▼

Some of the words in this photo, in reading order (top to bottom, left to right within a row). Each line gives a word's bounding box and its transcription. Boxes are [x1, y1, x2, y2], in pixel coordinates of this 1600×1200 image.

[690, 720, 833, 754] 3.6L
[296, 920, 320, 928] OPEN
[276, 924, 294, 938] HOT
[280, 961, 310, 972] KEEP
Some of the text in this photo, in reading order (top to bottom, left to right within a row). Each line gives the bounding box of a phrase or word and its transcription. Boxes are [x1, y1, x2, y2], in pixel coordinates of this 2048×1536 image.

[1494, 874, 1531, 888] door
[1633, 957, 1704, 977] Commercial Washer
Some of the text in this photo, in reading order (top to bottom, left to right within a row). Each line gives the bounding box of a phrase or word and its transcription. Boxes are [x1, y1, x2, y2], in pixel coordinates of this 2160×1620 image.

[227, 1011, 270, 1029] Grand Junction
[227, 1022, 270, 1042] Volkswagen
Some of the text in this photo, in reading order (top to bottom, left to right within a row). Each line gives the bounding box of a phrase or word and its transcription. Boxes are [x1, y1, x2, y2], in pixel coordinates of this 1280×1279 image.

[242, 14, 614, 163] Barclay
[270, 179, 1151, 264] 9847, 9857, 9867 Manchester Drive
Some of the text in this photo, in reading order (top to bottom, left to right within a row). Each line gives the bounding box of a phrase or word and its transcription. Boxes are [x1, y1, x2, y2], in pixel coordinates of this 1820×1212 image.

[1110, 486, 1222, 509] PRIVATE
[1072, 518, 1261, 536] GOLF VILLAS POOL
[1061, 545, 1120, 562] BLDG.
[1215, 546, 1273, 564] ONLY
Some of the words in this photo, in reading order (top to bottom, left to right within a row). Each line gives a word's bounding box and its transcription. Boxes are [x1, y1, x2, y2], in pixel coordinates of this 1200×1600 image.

▲

| Description of the task |
Please copy out each record, character for character.

| Your solution |
Some of the words in this photo, in reading order (top to bottom, left to right within a row). Each line gives a word's bounding box and its transcription. Boxes are [x1, y1, x2, y2], in pixel coordinates of this 1600×1200 image.

[690, 720, 833, 754] 3.6L
[296, 920, 320, 928] OPEN
[276, 924, 294, 938] HOT
[280, 961, 310, 972] KEEP
Some of the text in this photo, in reading order (top to bottom, left to right within a row). Each line gives the bounding box of a phrase or word and its transcription. Boxes are [x1, y1, x2, y2], in pixel coordinates of this 2048×1536 image.

[1494, 874, 1531, 888] door
[1633, 957, 1704, 977] Commercial Washer
Some of the text in this photo, in reading order (top to bottom, left to right within a row). Each line gives the bounding box of a phrase or word and its transcription. Boxes are [x1, y1, x2, y2], in pixel coordinates of this 2160×1620 image.

[227, 1011, 270, 1029] Grand Junction
[227, 1022, 270, 1042] Volkswagen
Some of the text in this photo, in reading order (top to bottom, left to right within a row). Each line gives the bounding box of a phrase or word and its transcription. Boxes are [x1, y1, x2, y2], in pixel coordinates of this 1280×1279 image.

[242, 14, 614, 163] Barclay
[270, 179, 1151, 264] 9847, 9857, 9867 Manchester Drive
Some of the text in this photo, in reading order (top to bottom, left to right within a row). Each line gives the bounding box of a phrase or word and its transcription. Boxes are [x1, y1, x2, y2], in pixel coordinates of this 1820×1212 image.

[1110, 486, 1222, 509] PRIVATE
[1072, 518, 1261, 536] GOLF VILLAS POOL
[1061, 545, 1120, 562] BLDG.
[1215, 546, 1273, 564] ONLY
Some of the words in this photo, in reading order (top to bottom, left to right within a row). Each line gives a word's bounding box and its transcription. Boxes are [x1, y1, x2, y2], in pixel coordinates of this 1200×1600 image.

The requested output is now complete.